= Antiscalant =

Industrial water treatment chemical

An antiscalant is a chemical or pre-treatment chemical that prevents the formation of scale, or crystallized mineral salts, commonly used in water purification systems, pipelines, and cooling tower applications. Antiscalants are also known as scale inhibitor agents. Scale formation occurs when the concentration of dissolved salts in water exceeds their solubility limits, leading to the precipitation of these salts onto surfaces as hard deposits. Antiscalants dissolve the substances accumulated near the membrane surface and reduce the rate of fouling. They play a crucial role in preventing scale formation, thus improving the efficiency and longevity of industrial equipment and processes.

== Common ingredients ==
Antiscalants could be broadly classified into 3 main categories: phosphorus based AS, synthetic polymeric AS and natural green AS. Common active ingredients include phosphonates, polyphosphates, polymers, aminophosphonates and organic acids. Antiscalants typically contain a combination of active ingredients that interfere with the crystallization process of scale-forming salts. Phosphorus-based antiscalants have the largest application use globally, and they can be further classified into phosphorus-based and phosphonate-based AS. Green antiscalants usually contain natural polymers such as starch and are recently being more widely investigated due to discharge requirements. Polymer-based AS are synthetic polymers that have functional groups like carboxylic acid groups, acrylic acid, sulfonic acid, and phosphonic acid groups. Common global suppliers of antiscalants include Kurita Water Industries, Avista, Nalco, and Veolia.

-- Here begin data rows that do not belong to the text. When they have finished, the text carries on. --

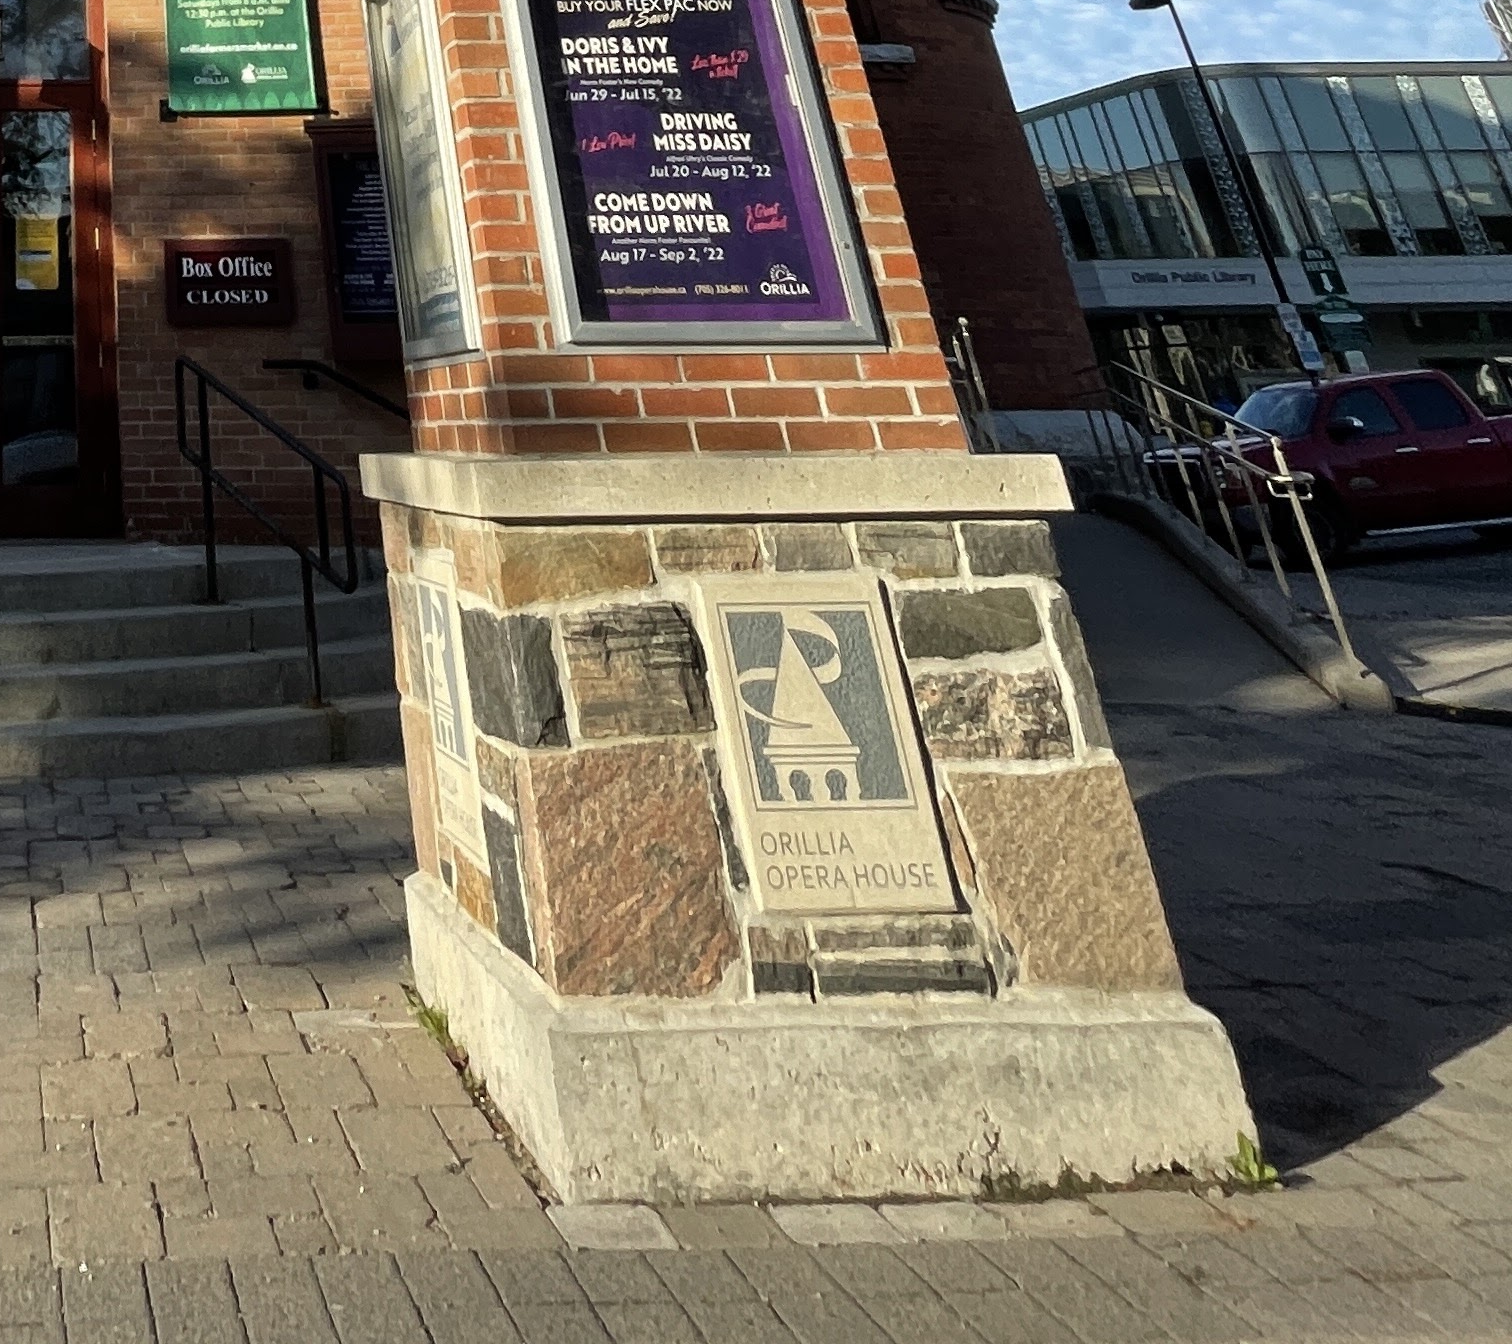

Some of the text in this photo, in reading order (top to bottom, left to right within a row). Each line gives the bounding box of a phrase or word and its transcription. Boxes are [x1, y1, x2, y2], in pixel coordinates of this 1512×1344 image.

[210, 9, 229, 18] p.m.
[230, 8, 240, 16] at
[241, 7, 255, 16] the
[256, 6, 285, 16] Orillia
[556, 0, 581, 13] BUY
[584, 0, 625, 13] YOUR
[697, 0, 733, 12] NOW
[205, 17, 264, 28] Public Library
[607, 8, 677, 29] and Save!
[561, 37, 669, 55] DORIS & IVY
[562, 56, 679, 75] IN THE HOME
[565, 89, 588, 102] Jun
[590, 89, 608, 102] 29
[620, 88, 640, 102] Jul
[642, 88, 659, 103] 15,
[660, 112, 738, 131] DRIVING
[653, 133, 752, 152] MISS DAISY
[649, 165, 670, 178] Jul
[672, 165, 690, 178] 20
[701, 165, 729, 180] Aug
[731, 164, 749, 179] 12,
[594, 193, 714, 212] COME DOWN
[588, 216, 643, 234] FROM
[644, 215, 670, 234] UP
[673, 215, 731, 233] RIVER
[600, 248, 630, 264] Aug
[632, 248, 647, 261] 17
[658, 248, 685, 263] Sep
[687, 247, 701, 263] 2,
[181, 255, 273, 278] Box Office
[1170, 271, 1210, 283] Public
[1211, 271, 1256, 285] Library
[186, 288, 269, 305] CLOSED
[760, 281, 811, 296] ORILLIA
[760, 830, 854, 857] ORILLIA
[766, 862, 939, 891] OPERA HOUSE

== Chemistry and mechanism ==
These compounds work by various mechanisms such as suppression of crystallization, dispersion, and crystal distortion.

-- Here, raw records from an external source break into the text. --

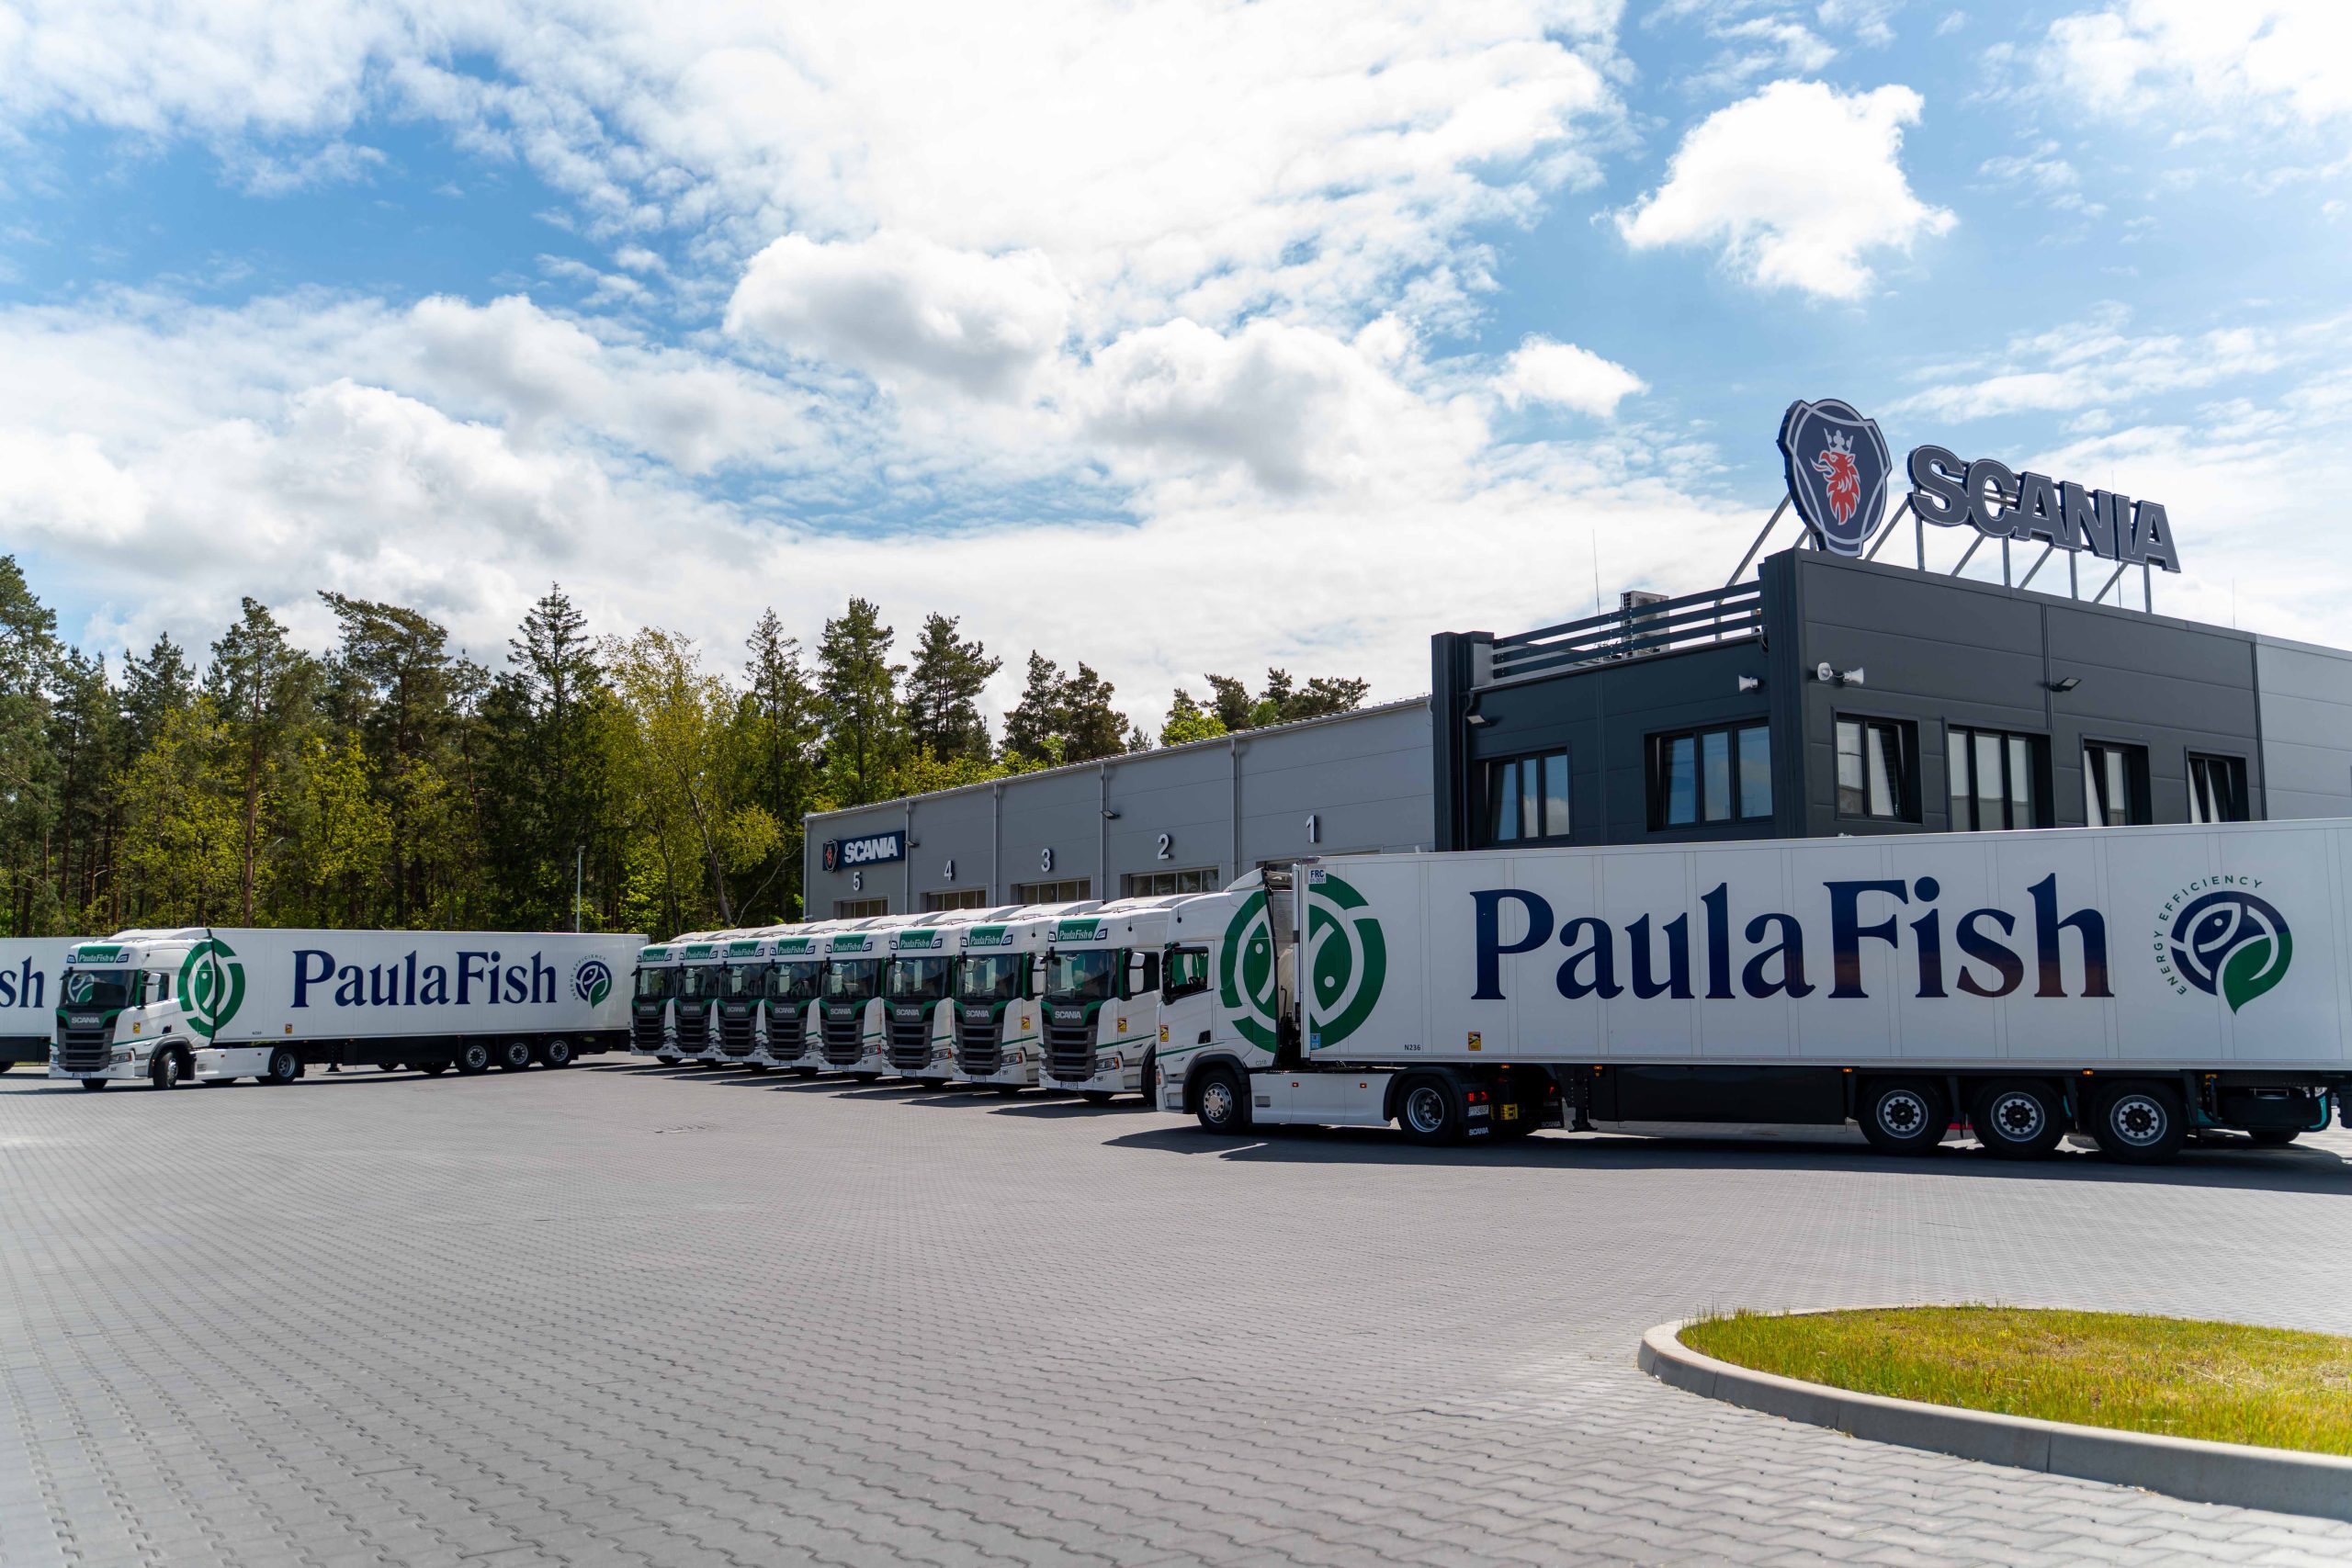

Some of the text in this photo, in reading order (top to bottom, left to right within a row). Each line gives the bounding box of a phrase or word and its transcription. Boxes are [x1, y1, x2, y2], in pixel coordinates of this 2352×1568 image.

[1907, 445, 2181, 573] SCANIA
[1306, 815, 1317, 843] 1
[844, 834, 898, 863] SCANIA
[1158, 833, 1171, 860] 2
[944, 860, 955, 880] 4
[1041, 848, 1052, 872] 3
[853, 871, 861, 890] 5
[1310, 869, 1324, 878] FRC
[1058, 930, 1088, 940] PaulaFish
[1470, 873, 2115, 1000] PaulaFish
[2154, 875, 2262, 995] ENERGY EFFICIENCY
[291, 950, 559, 1008] PaulaFish
[966, 1010, 989, 1018] SCANIA
[1055, 1010, 1081, 1019] SCANIA
[1469, 1126, 1488, 1136] SCANIA

=== Suppression of crystallization ===
Antiscalants contain molecules that can complex with metal ions present in the water, preventing them from participating in scale formation reactions. Phosphonates and polyphosphates are particularly effective in sequestering calcium, magnesium, and other metal ions.

=== Dispersion ===
Antiscalants may also work by dispersing small-scale particles, preventing them from agglomerating and forming larger, more problematic deposits. Polymers are often used for their dispersing properties.

=== Crystal modification ===
Some antiscalants alter the crystal structure of scale-forming salts, making them less likely to adhere to surfaces and form stubborn deposits. At a submicroscopic level, these soft non-adherent scales with antiscalant use would appear distorted, more oval in shape, and less compact.

== Applications ==

=== Reverse osmosis and desalination ===
In reverse osmosis (RO) and desalination plants, antiscalants are vital for preventing scale formation on membrane surfaces. Scaling can severely impair the efficiency of these processes and lead to increased maintenance costs. Antiscalants help maintain optimal performance and prolong the lifespan of membranes. Scales form in the RO or desalination plants when the ionic product of sparingly dissolved salts in the concentrated flow equals or exceeds their solubility product. The extent and degree of scaling phenomena are determined not only by the supersaturation conditions that occurred, but also by the precipitation kinetics.

=== Water treatment ===
Scale deposition in boilers can reduce heat transfer efficiency and increase energy consumption. Antiscalants are added to boiler feedwater to prevent scale formation on heat transfer surfaces, piping, and other boiler components. Water treatment plants can use antiscalants to maintain filtration.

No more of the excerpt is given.